ARM Announces Mali-Cetus, Their Next-Generation Display Processor

This morning ARM is taking the wraps off another new product in their Mali graphics portfolio: the Mali-Cetus. The oddly named product (ed: this is a codename, not the final product name) is the company’s latest generation display processor, designed for use in conjunction with ARM GPUs and other bits of Mali IP, and succeeding earlier products like the Mali-DP550 and Mali-DP650.

ARM’s display processors don’t tend to attract much attention, as they’re a fairly slow-moving, low-key part of the larger display pipeline. The flip side of that is that on those occasions where ARM does make a significant technological change, it’s definitely worth noting. And in the case of the Mali-Cetus, that is very much the case as the company is rolling out a brand-new display processor architecture.

The previous Mali-DP500/550/650 display processors were all based on a common architecture, with ARM iterating on it over the years. Mali-Cetus, on the other hand, is making a clean break, something we don’t see very often in this space. ARM is doing this in order to assemble a more modern design that can incorporate features such as HDR output and high throughput modes for VR, which were not a part of the earlier display processor family. Similarly, while previous generation processors could handle 4K, they weren’t especially efficient at it relative to lower resolution modes, as ARM was aiming a bit lower.

The big feature additions enabled by Cetus can be broken down to improved layering and scaling, higher performance for VR, further power optimizations, and the ability to support newer transport standards such as HDR10 and Hybrid Log-Gamma. Each of these in turn is meant to address a specific market, such as smartphones/tablets, VR headsets, and TVs/STBs.

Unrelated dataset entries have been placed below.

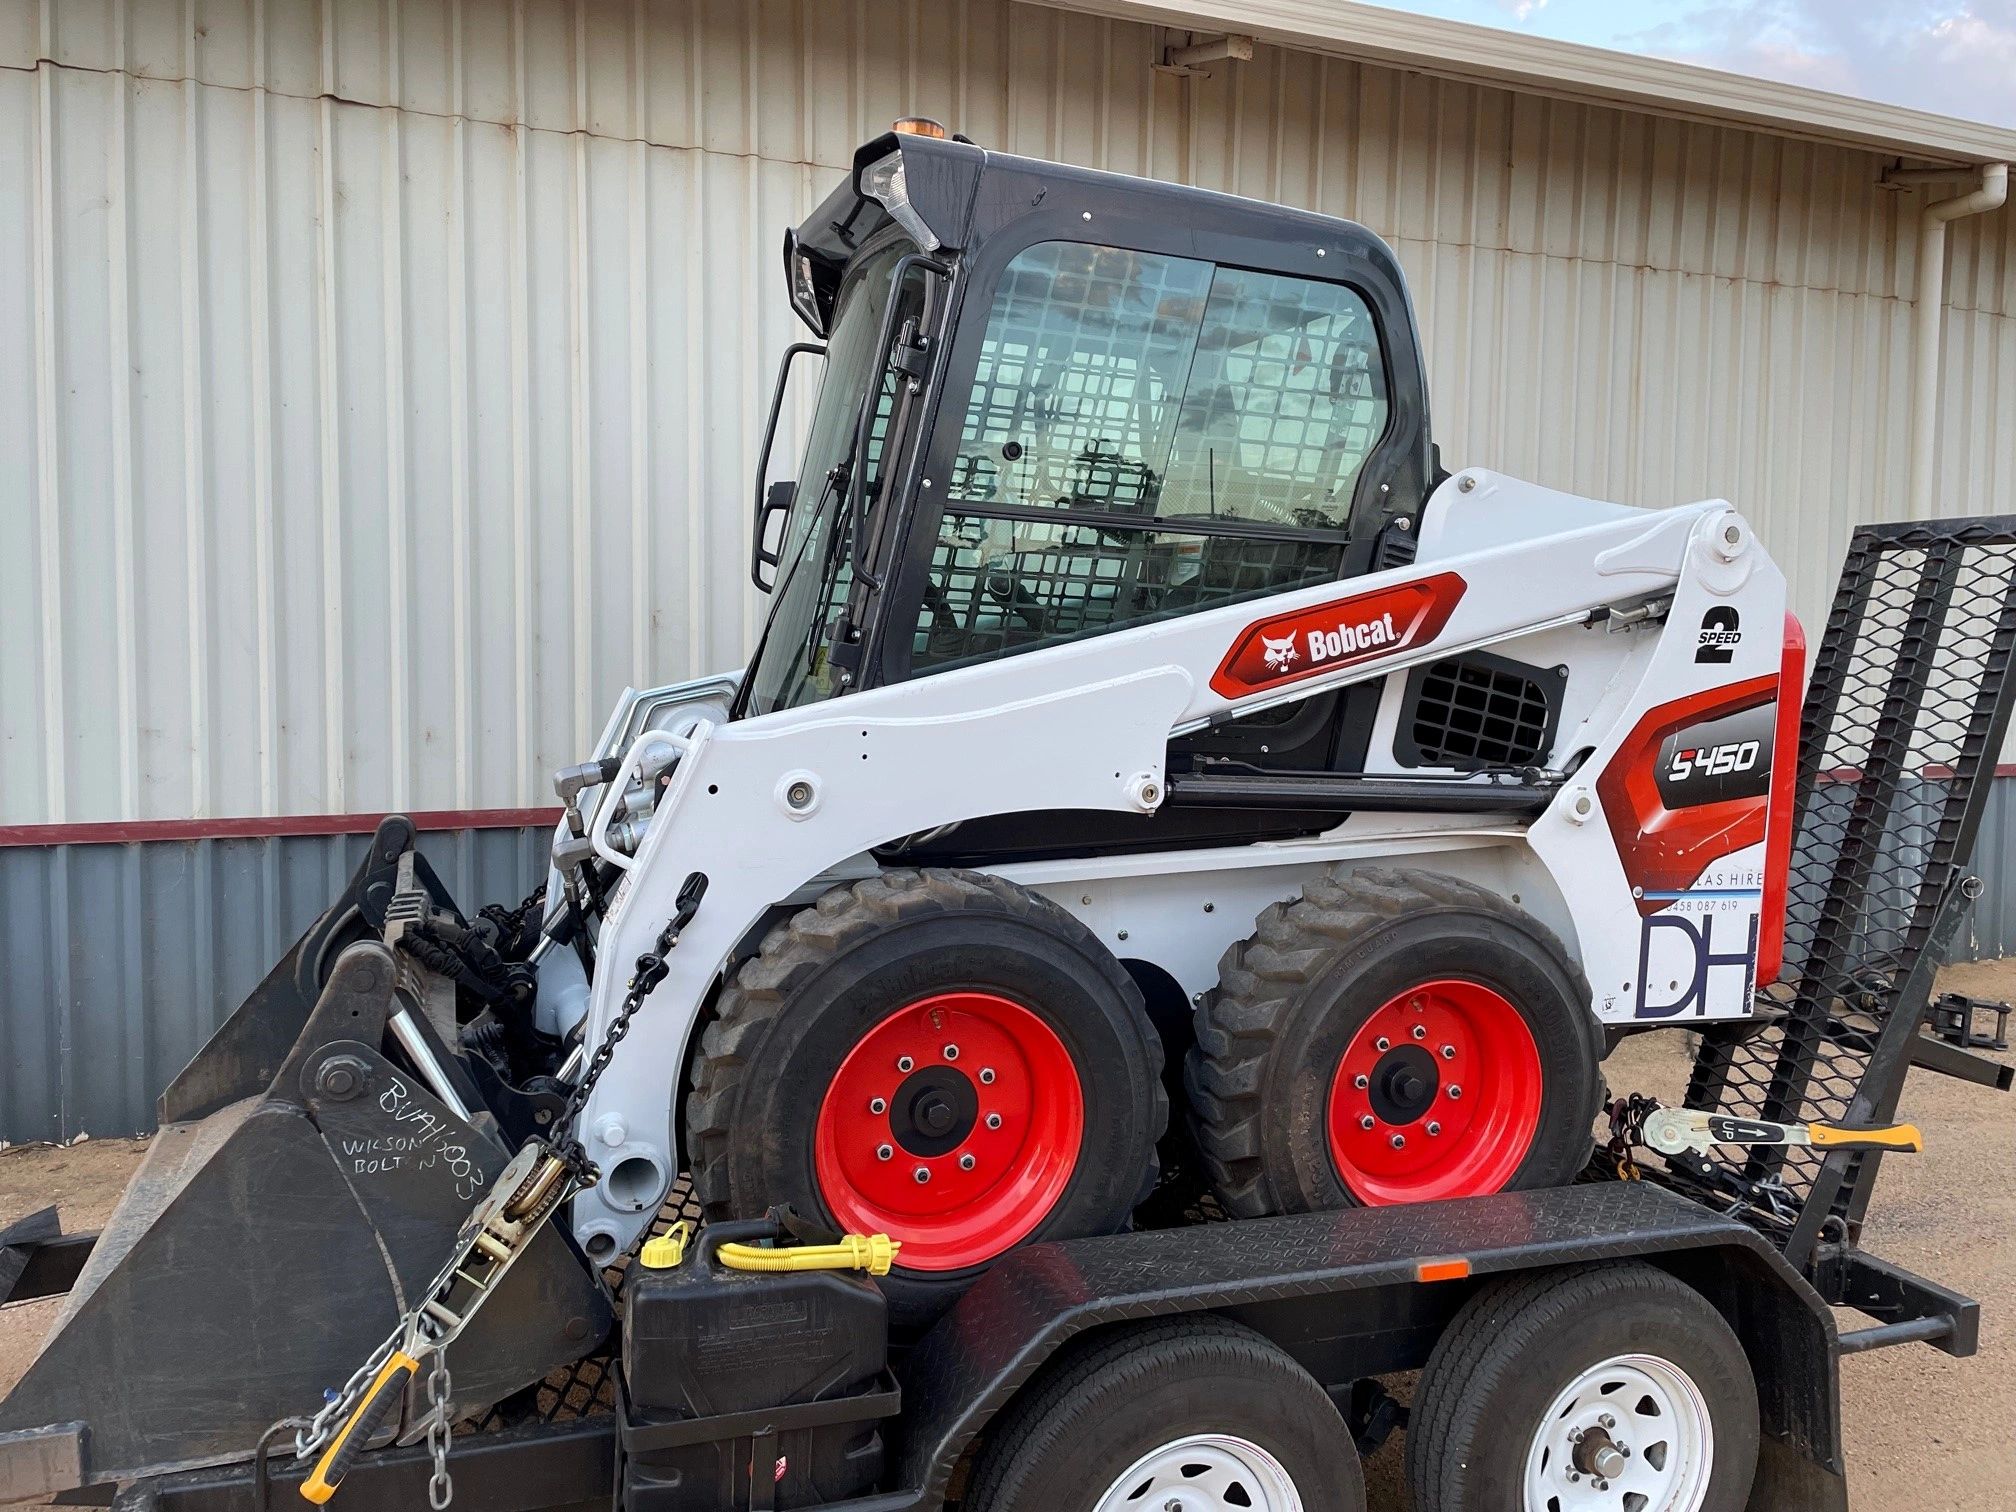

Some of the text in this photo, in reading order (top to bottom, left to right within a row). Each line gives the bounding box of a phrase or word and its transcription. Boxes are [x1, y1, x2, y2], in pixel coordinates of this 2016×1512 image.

[1307, 612, 1396, 662] Bobcat
[1697, 632, 1742, 644] SPEED
[1668, 740, 1761, 782] S450
[1729, 872, 1764, 886] HIRE
[1697, 900, 1717, 911] 087
[1721, 900, 1738, 911] 619
[1635, 913, 1760, 1019] DH
[1721, 1120, 1735, 1140] UP
[342, 1136, 423, 1156] WILSON

As part of the new architecture, ARM is offering a bit more detail on the technical underpinnings of the architecture. At the same time, they’ve also changed how their processors are logically designed/broken down so that they are broken up into 5 different units: the ARM FrameBuffer Compression (AFBC) Unit, the Global Control Unit, the Layer Processing Unit, the Composition Unit, and the Display Output Unit. Each one, in turn, handles a specific type of display processing task.

The Layer Processing Unit is arguably the head of the display pipeline – especially since it contains the memory interface and buffers. It and the AFBC unit do most of the heavy lifting when it comes to memory-intensive operations, such as simple, orthogonal rotations of display layers.

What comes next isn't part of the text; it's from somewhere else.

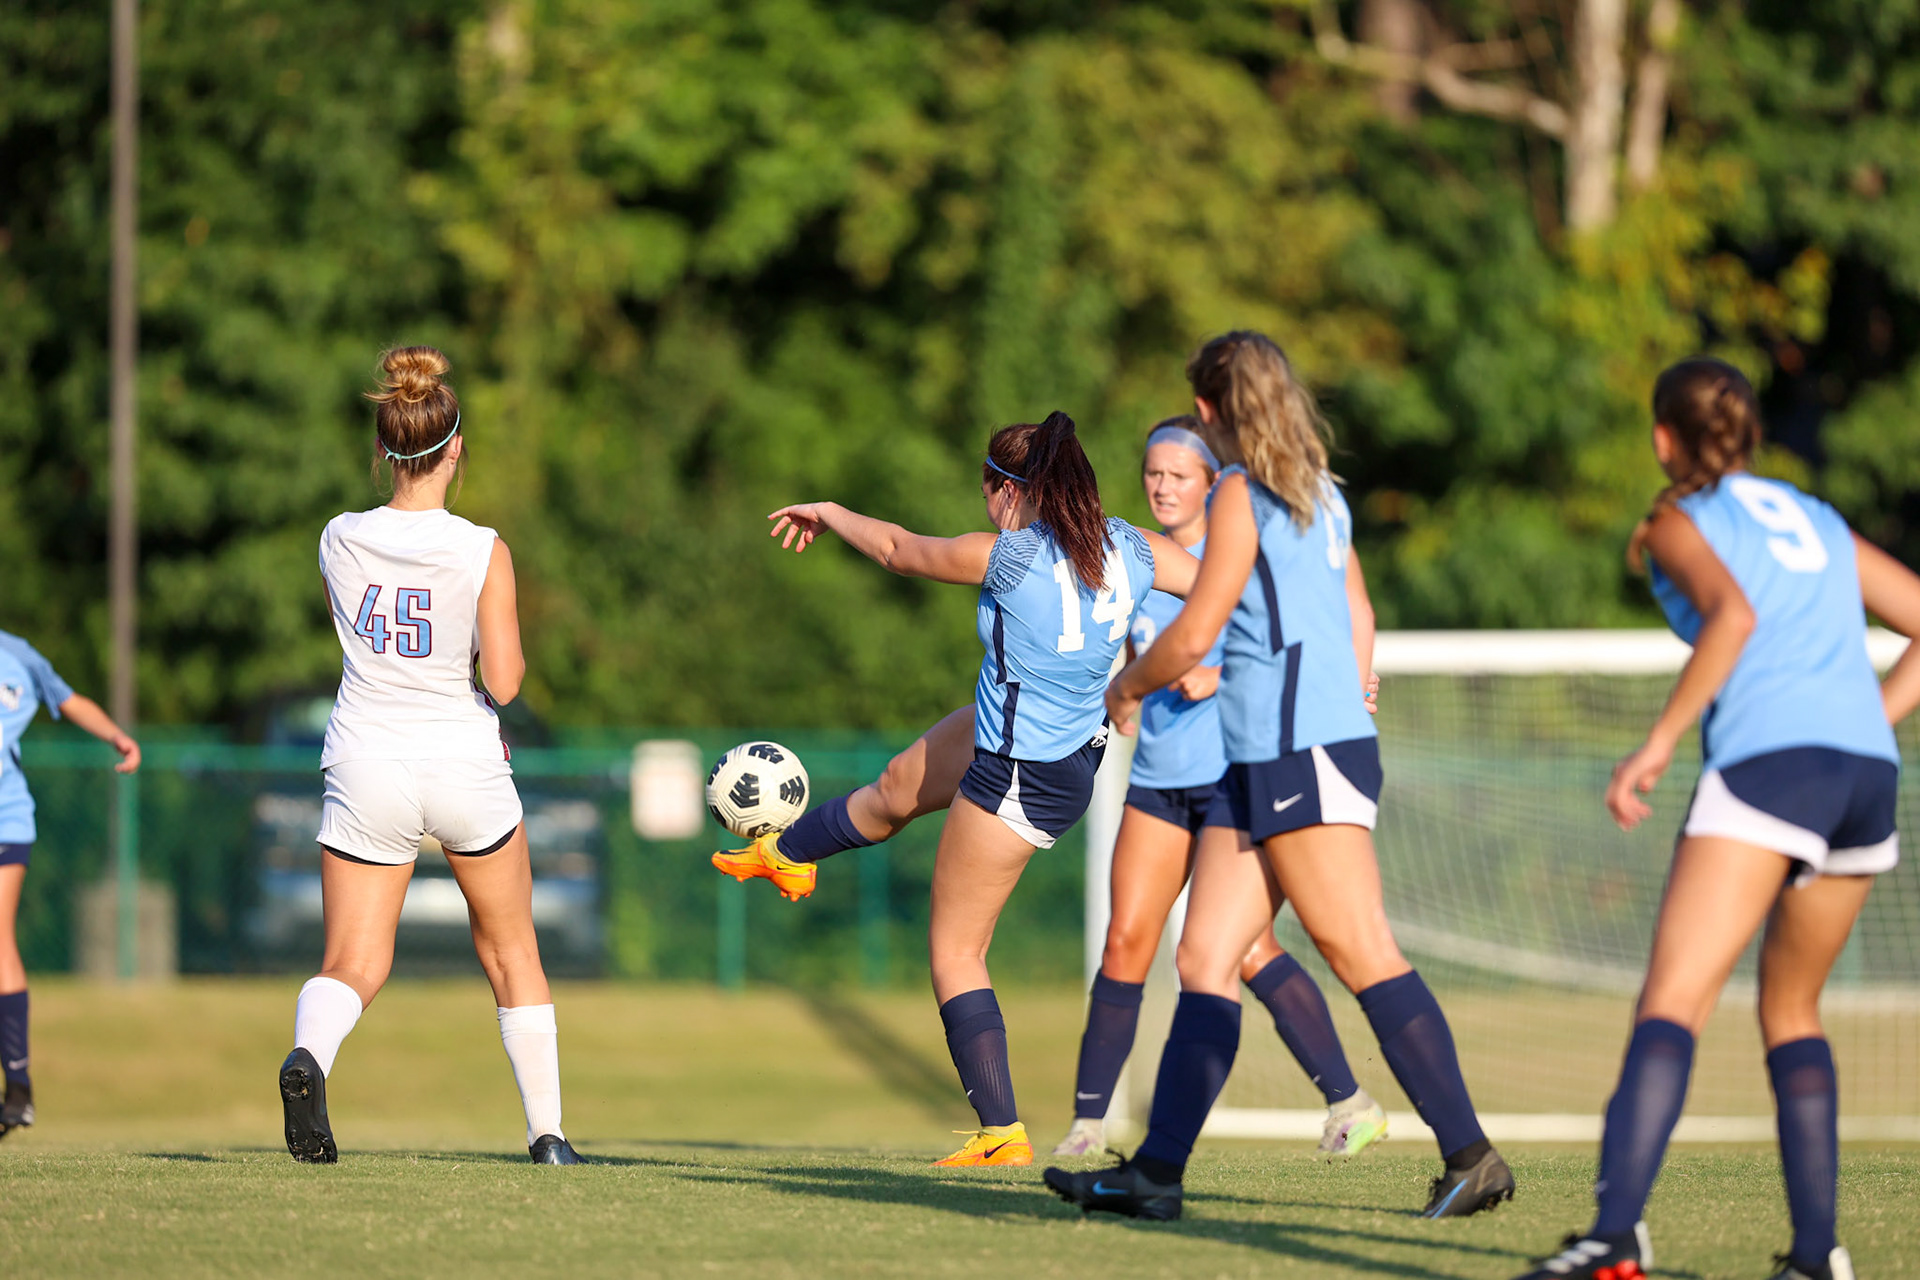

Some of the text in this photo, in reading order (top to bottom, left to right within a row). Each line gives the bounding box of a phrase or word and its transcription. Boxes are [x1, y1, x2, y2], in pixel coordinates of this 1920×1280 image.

However from a practical perspective, the composition unit is likely where most users will see or feel the real differences. Responsible for compositing and scaling the different layers within a UI, ARM has consistently been buffing up their composition capabilities over the years to handle Android’s increasingly complex UI and features. The Cetus display processor can now composite 8 layers – up from 7 on the previous-generation processors – and with 4 scaling engines, can scale up to 4 of those layers.

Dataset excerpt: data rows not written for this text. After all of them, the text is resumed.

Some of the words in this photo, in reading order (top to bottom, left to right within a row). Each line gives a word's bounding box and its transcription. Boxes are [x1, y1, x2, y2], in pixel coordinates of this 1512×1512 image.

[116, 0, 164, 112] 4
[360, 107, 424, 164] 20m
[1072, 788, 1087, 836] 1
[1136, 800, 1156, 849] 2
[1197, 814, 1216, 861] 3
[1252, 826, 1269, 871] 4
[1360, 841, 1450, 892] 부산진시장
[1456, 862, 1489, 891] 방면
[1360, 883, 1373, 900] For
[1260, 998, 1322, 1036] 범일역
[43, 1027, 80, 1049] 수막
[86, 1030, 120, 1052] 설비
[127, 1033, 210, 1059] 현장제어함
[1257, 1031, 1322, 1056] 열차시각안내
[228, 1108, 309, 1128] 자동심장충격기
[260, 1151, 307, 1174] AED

This is especially significant for Android 7, which introduced multiple/side-by-side window modes, and each of which requires its own layer. Combined with any special layering effects on a given window (e.g. window animations), and a multi-window setup can easily eat up layers, not to mention pixels as well in the case of a high resolution tablet.

Meanwhile Cetus as a whole has learned a few tricks to further improve power efficiency. One especially interesting trick is spitting up large (4K) layers into multiple smaller layers. Since Cetus contains multiple sub-units for processing multiple layers, this allows one large layer to be distributed over more hardware. The net result is that rather than having to clock up the chip and burn more power to process a large layer, the processor can go wide instead and stay lower clocked by spreading the work out, keeping down total power consumption.

Finally, new to Cetus is an interface ARM is calling the coprocessor interface. ARM is primarily pitching it as a means for its customers to differentiate from one-another by using their choice of coprocessor. Over time the interface can potentially support a number of coprocessor blocks (including 3^rd party blocks), but for now ARM is launching with a block of their own: the Assertive Display block. Another product of last year’s Apical acquisition, the Assertive Display block is the company’s dedicated unit for tone-mapping, which is a critical part of mapping HDR image data to today’s (and tomorrow’s) SDR displays. In turn, the combination of Cetus and the Assertive Display block makes the combined product ARM’s first HDR-capable display processor solution.

Wrapping things up, while it will take some amount of time for ARM’s new display processor to trickle down into SoCs and then finally consumer products, it should help them remain competitive in the display processor market. Besides improving their overall performance and energy efficiency, the specific features of the Mali-Cetus will enable ARM to finally supply display processor designs for VR headsets and 4K HDR TVs. The former is always an interesting market – one that is poised for rapid growth if it can find its killer app – while the addition of 4K HDR support will help ARM maintain and expand their footing in the very productive (and profitable) smart TV market, one that they have had a majority presence in for a number of years, and one where that trend is expected to continue.